#### Instructions to follow
Everything from the line containing "Some of the words" to the end of the data must be duplicated word for word, and nothing else may appear.

----------

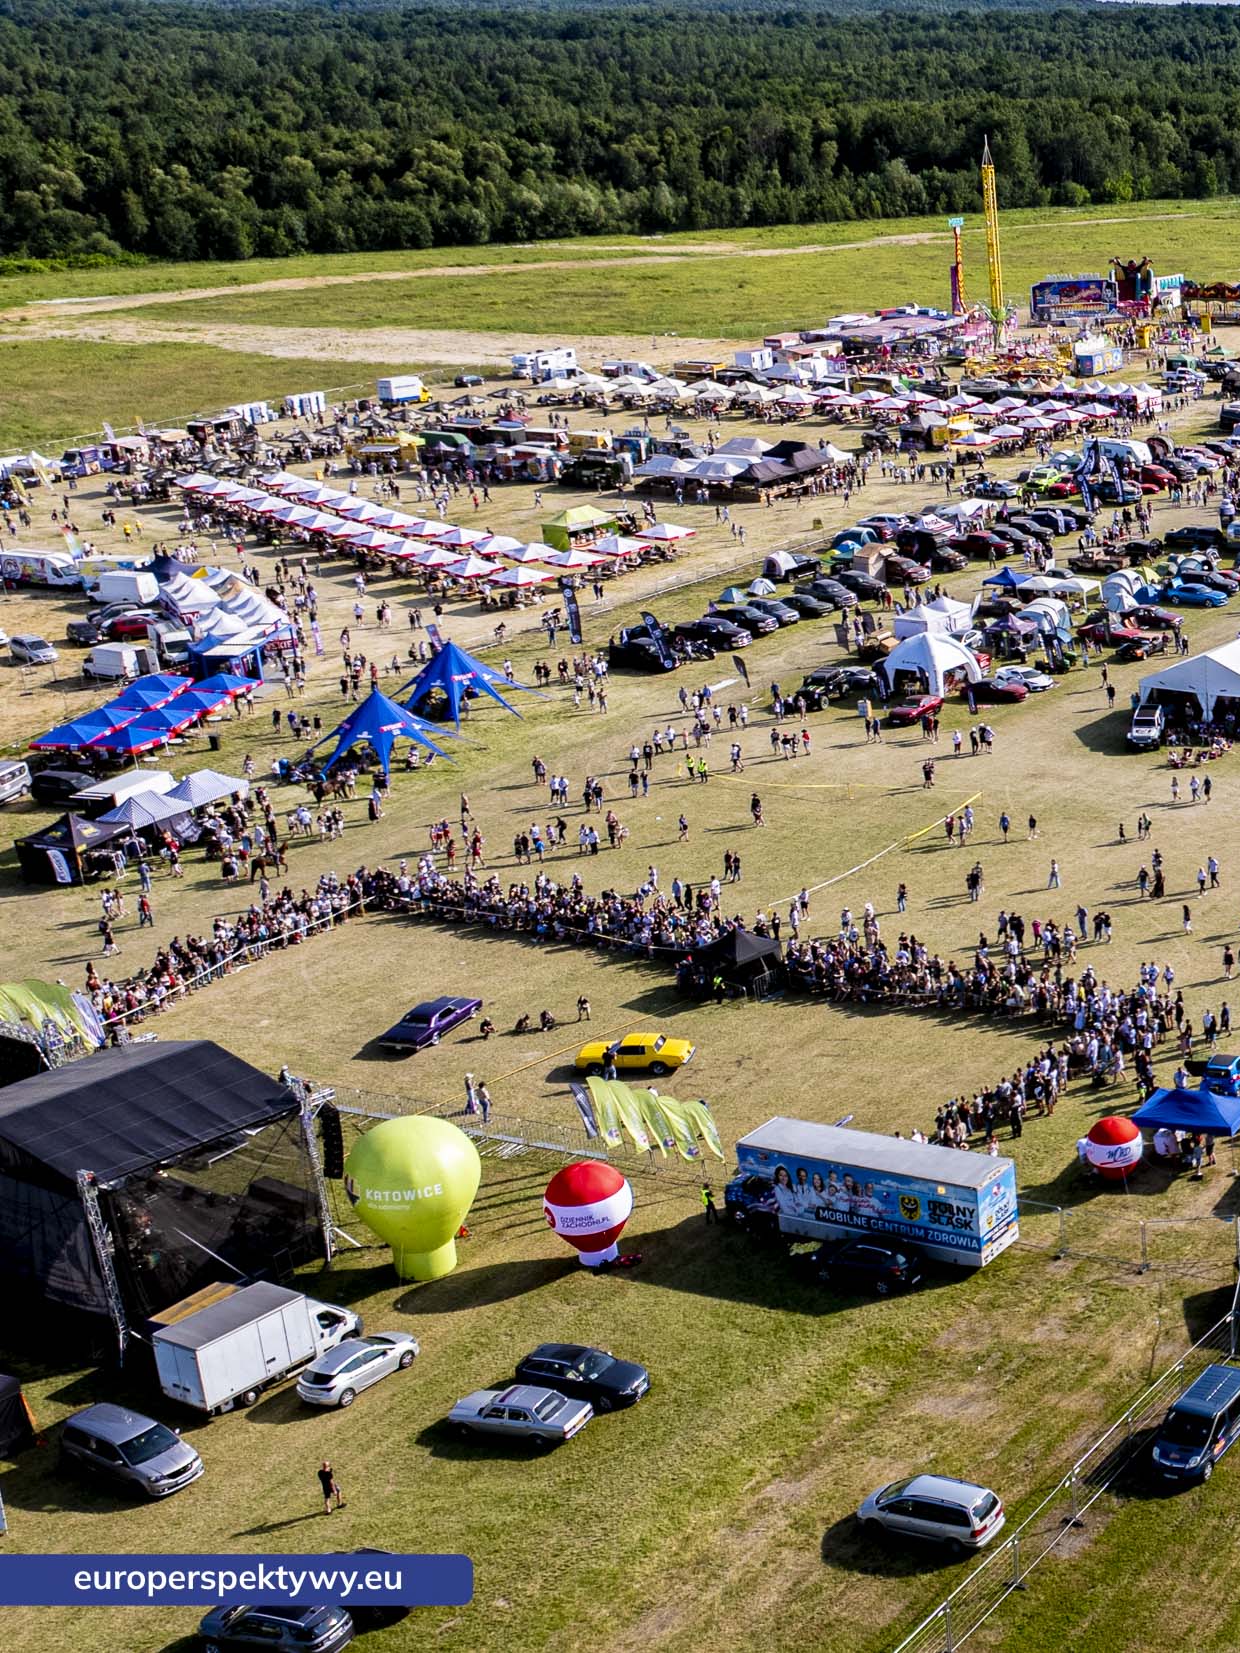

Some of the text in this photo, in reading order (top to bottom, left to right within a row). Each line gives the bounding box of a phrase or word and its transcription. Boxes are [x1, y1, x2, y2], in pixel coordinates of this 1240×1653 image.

[365, 1183, 443, 1201] KATOWICE
[928, 1200, 976, 1219] DOLNY
[818, 1208, 979, 1249] MOBILNE CENTRUM ZDROWIA
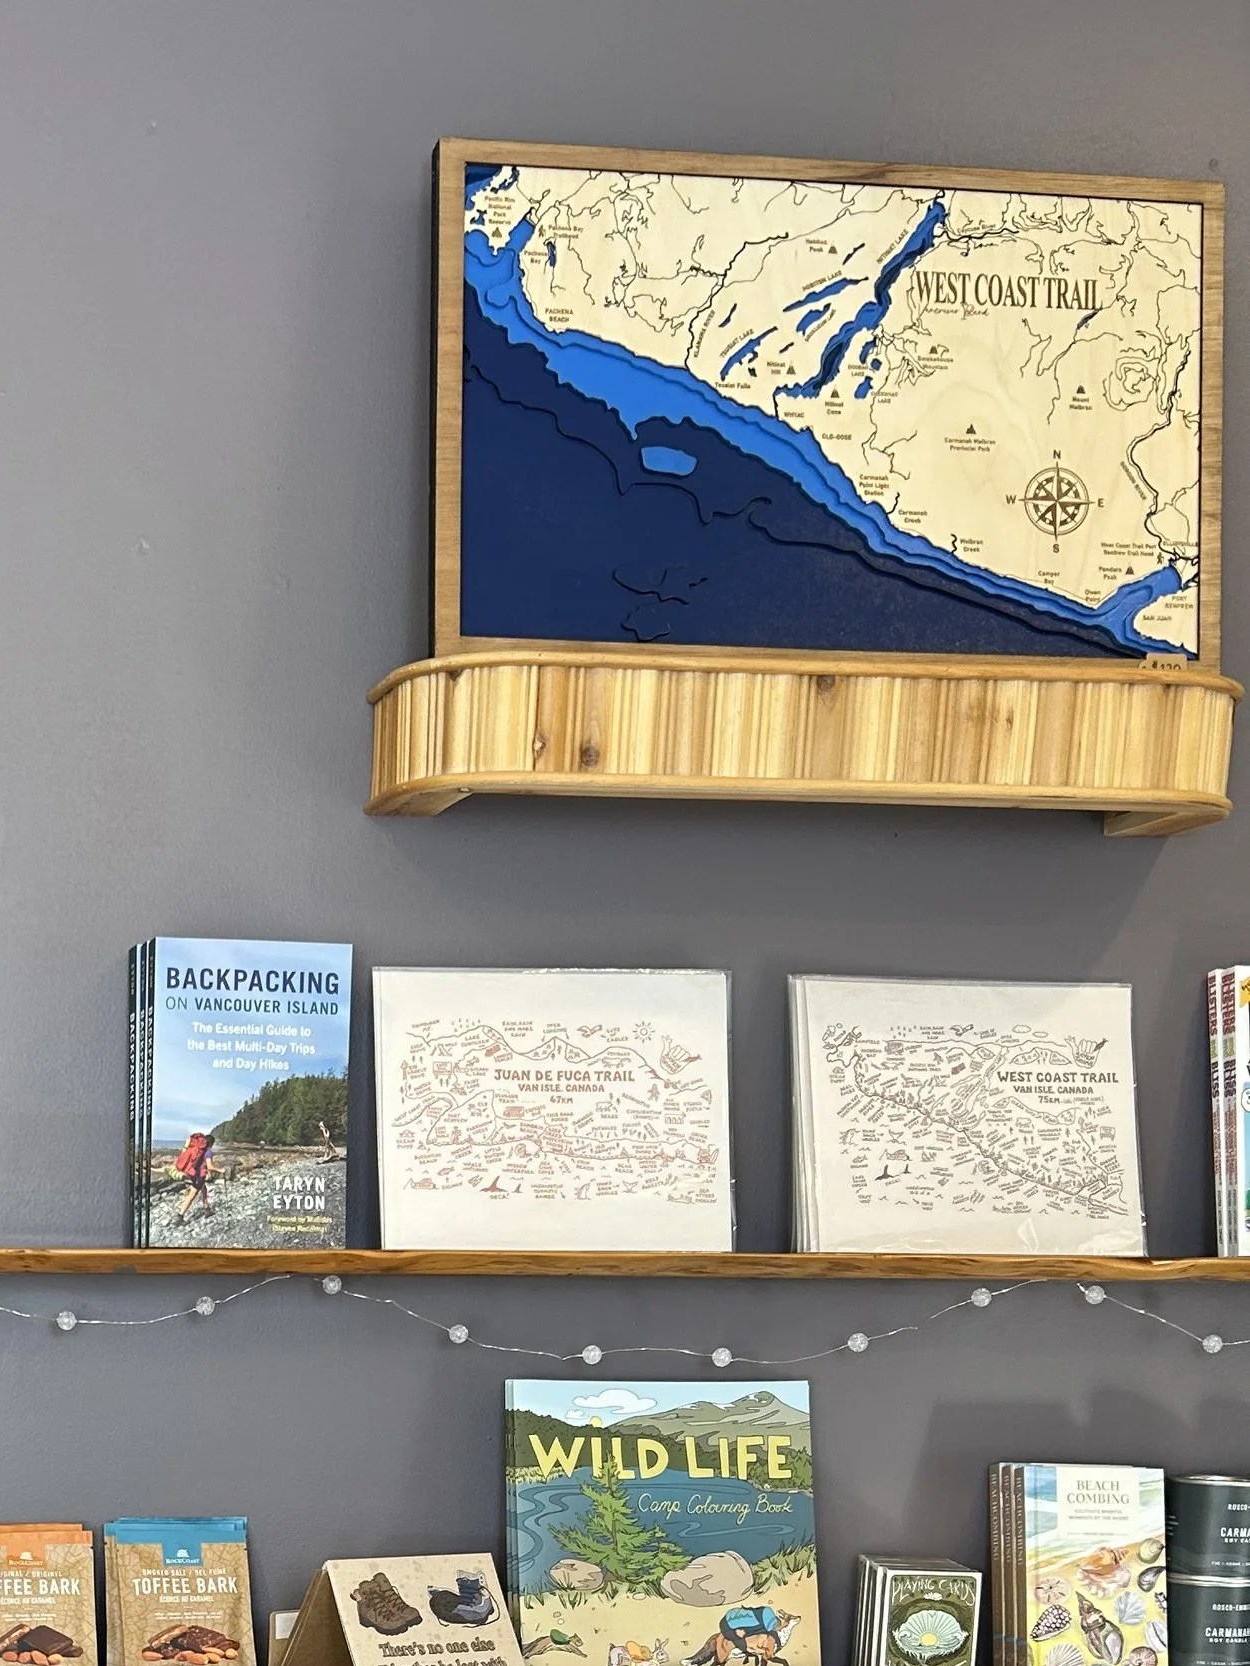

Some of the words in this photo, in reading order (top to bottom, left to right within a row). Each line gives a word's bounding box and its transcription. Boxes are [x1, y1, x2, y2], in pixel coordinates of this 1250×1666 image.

[915, 271, 971, 304] WEST
[974, 273, 1040, 308] COAST
[1043, 277, 1103, 310] TRAIL
[1053, 450, 1061, 459] N
[1005, 495, 1016, 504] W
[1098, 498, 1104, 507] E
[1053, 544, 1060, 553] S
[166, 967, 339, 995] BACKPACKING
[166, 996, 188, 1010] ON
[195, 997, 281, 1013] VANCOUVER
[287, 1001, 339, 1015] ISLAND
[192, 1022, 213, 1034] The
[216, 1022, 263, 1035] Essential
[266, 1024, 297, 1037] Guide
[300, 1025, 312, 1037] to
[187, 1039, 204, 1051] the
[208, 1040, 232, 1051] Best
[235, 1041, 287, 1056] Multi-Day
[290, 1043, 315, 1055] Trips
[213, 1057, 233, 1069] and
[236, 1058, 257, 1071] Day
[260, 1059, 290, 1071] Hikes
[494, 1069, 530, 1081] JUAN
[535, 1070, 553, 1081] DE
[557, 1070, 591, 1082] FUCA
[594, 1070, 635, 1082] TRAIL
[997, 1072, 1033, 1083] WEST
[1036, 1073, 1077, 1083] COAST
[1080, 1073, 1119, 1083] TRAIL
[518, 1084, 538, 1092] VAN
[565, 1084, 604, 1092] CANADA
[1013, 1086, 1033, 1094] VAN
[1057, 1086, 1094, 1094] CANADA
[273, 1175, 325, 1192] TARYN
[273, 1195, 325, 1210] EYTON
[528, 1434, 669, 1480] WILD
[684, 1435, 792, 1480] LIFE
[1077, 1480, 1120, 1491] BEACH
[1067, 1493, 1130, 1505] COMBING
[638, 1493, 681, 1520] Camp
[687, 1494, 750, 1525] Colouring
[754, 1494, 794, 1513] Book
[39, 1579, 81, 1595] BARK
[132, 1578, 191, 1595] TOFFEE
[197, 1577, 238, 1593] BARK
[892, 1578, 935, 1605] PLAYING
[939, 1580, 975, 1606] CARDS
[378, 1642, 426, 1657] There's
[427, 1643, 444, 1654] no
[446, 1642, 469, 1653] one
[471, 1637, 496, 1652] else

----------

#### Answer area
Some of the words in this photo, in reading order (top to bottom, left to right within a row). Each line gives a word's bounding box and its transcription. Boxes are [x1, y1, x2, y2], in pixel coordinates of this 1250×1666 image.

[915, 271, 971, 304] WEST
[974, 273, 1040, 308] COAST
[1043, 277, 1103, 310] TRAIL
[1053, 450, 1061, 459] N
[1005, 495, 1016, 504] W
[1098, 498, 1104, 507] E
[1053, 544, 1060, 553] S
[166, 967, 339, 995] BACKPACKING
[166, 996, 188, 1010] ON
[195, 997, 281, 1013] VANCOUVER
[287, 1001, 339, 1015] ISLAND
[192, 1022, 213, 1034] The
[216, 1022, 263, 1035] Essential
[266, 1024, 297, 1037] Guide
[300, 1025, 312, 1037] to
[187, 1039, 204, 1051] the
[208, 1040, 232, 1051] Best
[235, 1041, 287, 1056] Multi-Day
[290, 1043, 315, 1055] Trips
[213, 1057, 233, 1069] and
[236, 1058, 257, 1071] Day
[260, 1059, 290, 1071] Hikes
[494, 1069, 530, 1081] JUAN
[535, 1070, 553, 1081] DE
[557, 1070, 591, 1082] FUCA
[594, 1070, 635, 1082] TRAIL
[997, 1072, 1033, 1083] WEST
[1036, 1073, 1077, 1083] COAST
[1080, 1073, 1119, 1083] TRAIL
[518, 1084, 538, 1092] VAN
[565, 1084, 604, 1092] CANADA
[1013, 1086, 1033, 1094] VAN
[1057, 1086, 1094, 1094] CANADA
[273, 1175, 325, 1192] TARYN
[273, 1195, 325, 1210] EYTON
[528, 1434, 669, 1480] WILD
[684, 1435, 792, 1480] LIFE
[1077, 1480, 1120, 1491] BEACH
[1067, 1493, 1130, 1505] COMBING
[638, 1493, 681, 1520] Camp
[687, 1494, 750, 1525] Colouring
[754, 1494, 794, 1513] Book
[39, 1579, 81, 1595] BARK
[132, 1578, 191, 1595] TOFFEE
[197, 1577, 238, 1593] BARK
[892, 1578, 935, 1605] PLAYING
[939, 1580, 975, 1606] CARDS
[378, 1642, 426, 1657] There's
[427, 1643, 444, 1654] no
[446, 1642, 469, 1653] one
[471, 1637, 496, 1652] else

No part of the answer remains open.